Geraldine was a fourth generation Marico lady. Not content to stay in a backwater, she became an investigative journalist working in television, radio and even modelling for Gucci. After living in London, she returned to try and give her mother the dream of a farm-guesthouse but it didn’t pan out. Nevertheless, Geraldine’s insight into the Marico itself was the most impressive. She emphasised that, “there is an inexplicable energy in Groot Marico that’s relentless. It’s not some flaky nonsense, it really exists. Groot Marico demands authenticity. The place brings you to your knees and makes you face yourself. Your real self. ‘Lady Groot Marico’ is a powerful force.”
Marico resident, Maggie, even put some of Bosman’s works to music. Image: Judy Barnes.
Geraldine says that dreams, desires and needs are incredibly simple for most people there. It’s a community of survivors – tough people. The Marico “scrapes the veneer off a person to expose the real self – survive or die – not in any spiritual way, it’s just an energy. People here are prepared to realise the real values of life are not the trappings of wealth – slowly it seeps into their souls that life is not the Porsche, the big house and the 2.6 kids as the be-all and end-all of everything.”
You’re never too young to dance ballroom. Children from the Thusanang Early Learning Centre. Image: Judy Barnes.

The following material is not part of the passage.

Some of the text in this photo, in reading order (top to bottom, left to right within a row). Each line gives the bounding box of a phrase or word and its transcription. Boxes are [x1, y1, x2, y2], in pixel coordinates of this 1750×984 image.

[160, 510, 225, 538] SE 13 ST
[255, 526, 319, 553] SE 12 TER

How refreshing, I thought. How many people have that kind of insight into a place? Very few and each person I got to know bore testimony to her words. I had discovered a gem of a town with ‘real’ people and I haven’t even begun to tell you what else was to be found.
A woman escapes the crowds during the Groot Marico’s Bosman weekend. Image: Judy Barnes.

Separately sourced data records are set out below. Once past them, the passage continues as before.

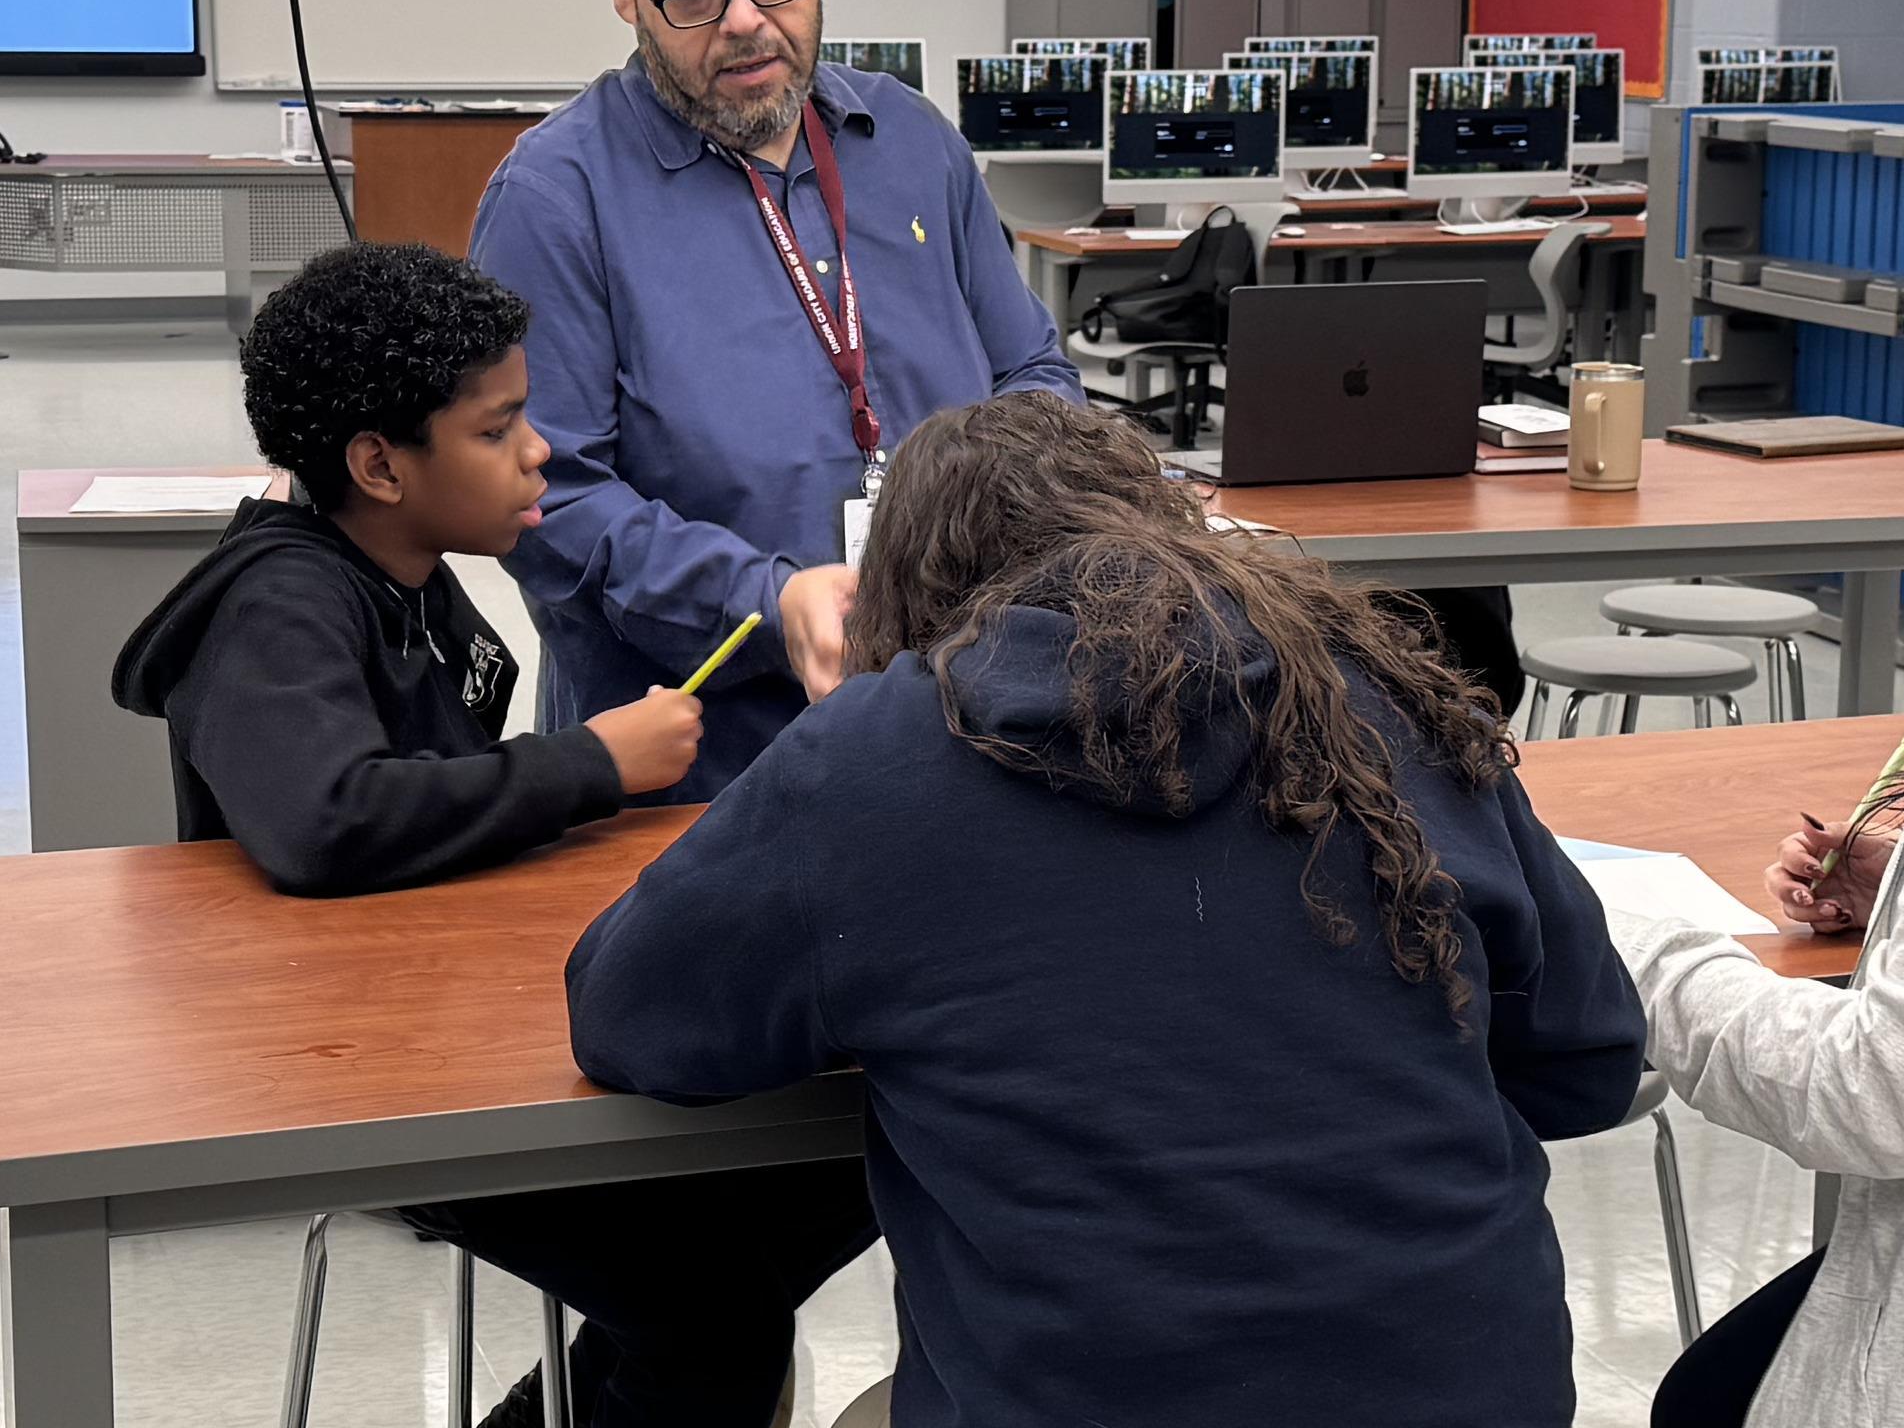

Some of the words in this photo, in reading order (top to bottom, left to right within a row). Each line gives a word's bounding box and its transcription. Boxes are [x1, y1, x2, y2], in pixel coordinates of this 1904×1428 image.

[761, 196, 793, 252] EDUCATION
[794, 265, 817, 302] BOARD
[811, 300, 827, 323] CITY
[822, 322, 841, 355] UNION
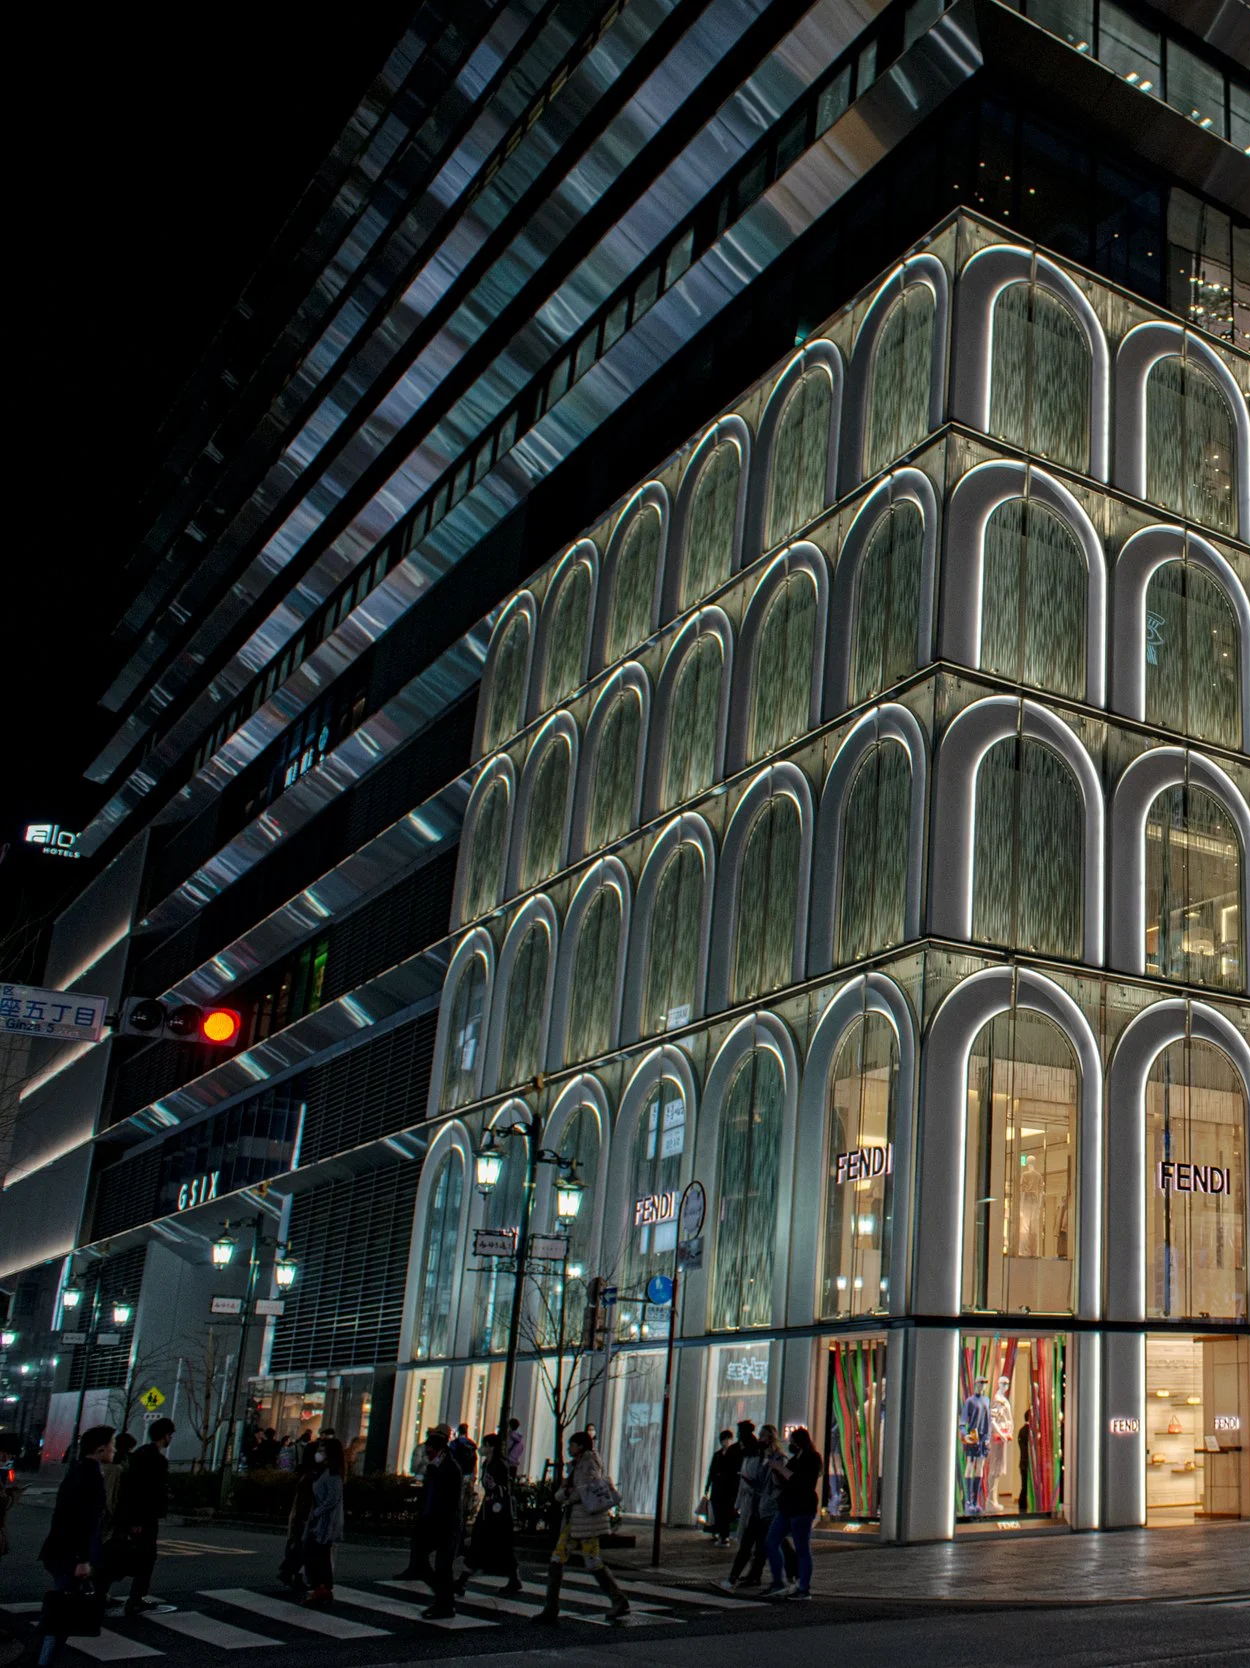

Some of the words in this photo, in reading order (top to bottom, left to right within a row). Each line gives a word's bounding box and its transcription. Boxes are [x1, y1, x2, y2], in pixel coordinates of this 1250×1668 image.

[25, 825, 81, 847] alo
[43, 847, 81, 859] HOTELS
[0, 997, 96, 1026] 座五丁目
[6, 1018, 41, 1032] Ginza
[834, 1142, 894, 1185] FENDI
[178, 1170, 220, 1211] GSIX
[1158, 1161, 1231, 1195] FENDI
[635, 1191, 677, 1227] FENDI
[1110, 1417, 1141, 1434] FENDI
[1214, 1416, 1240, 1430] FENDI

Annual get-togethers at the Herman Charles Bosman Living Museum finds member of the Literary Society celebrating the writer’s life in various ways. I was fortunate enough to be there at the right time. Jolene Geldenhuys-Muir even composed guitar music to accompany some of Bosman’s poetry. However, there was also hard physical work to make the place what it is today. The community pulled together, clearing tree roots, painting walls and so on to ensure it happened. The word ‘togetherness’ is meaningfully applied in this community. They really do work to make stuff happen.
There was so much more to discover, like on the other side of the courtyard, where Grant Smith, affectionately known as The Gong Master, was playing a wide variety of musical instruments, asking the group of schoolchildren to identify the different sounds, whether a bird or a frog and so on and how those sounds affected them, whether it made them happy, sad or whatever. An interesting exercise to broaden their minds.
Being involved is the overall message for the Marico community.